- BRIEF
What you give back must match the data exactly, minus the pictures.
=== THE INPUT ===
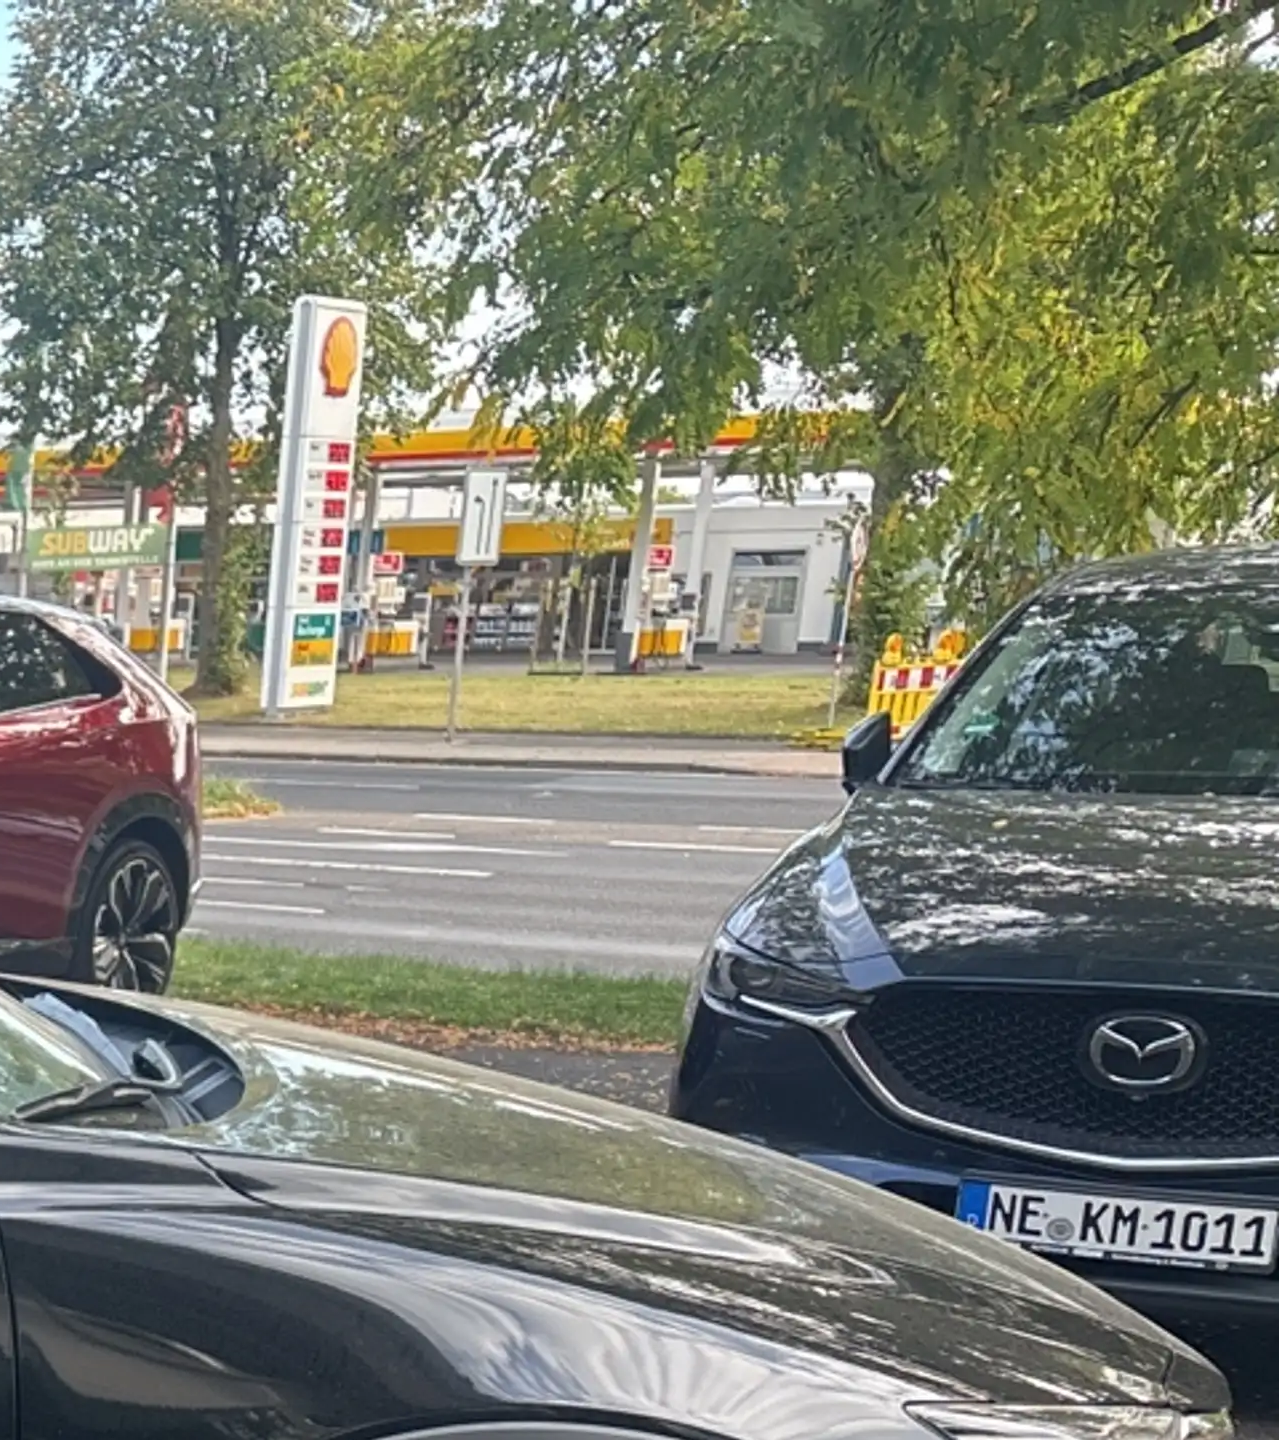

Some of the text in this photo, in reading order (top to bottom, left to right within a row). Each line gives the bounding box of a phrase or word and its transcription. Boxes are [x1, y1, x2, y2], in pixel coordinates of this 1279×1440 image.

[38, 527, 155, 556] SUBWAY
[989, 1191, 1045, 1237] NE
[1079, 1201, 1141, 1247] KM
[1150, 1208, 1267, 1257] 1011
===
- SOLUTION TO THE EXERCISE
Some of the text in this photo, in reading order (top to bottom, left to right within a row). Each line gives the bounding box of a phrase or word and its transcription. Boxes are [x1, y1, x2, y2], in pixel coordinates of this 1279×1440 image.

[38, 527, 155, 556] SUBWAY
[989, 1191, 1045, 1237] NE
[1079, 1201, 1141, 1247] KM
[1150, 1208, 1267, 1257] 1011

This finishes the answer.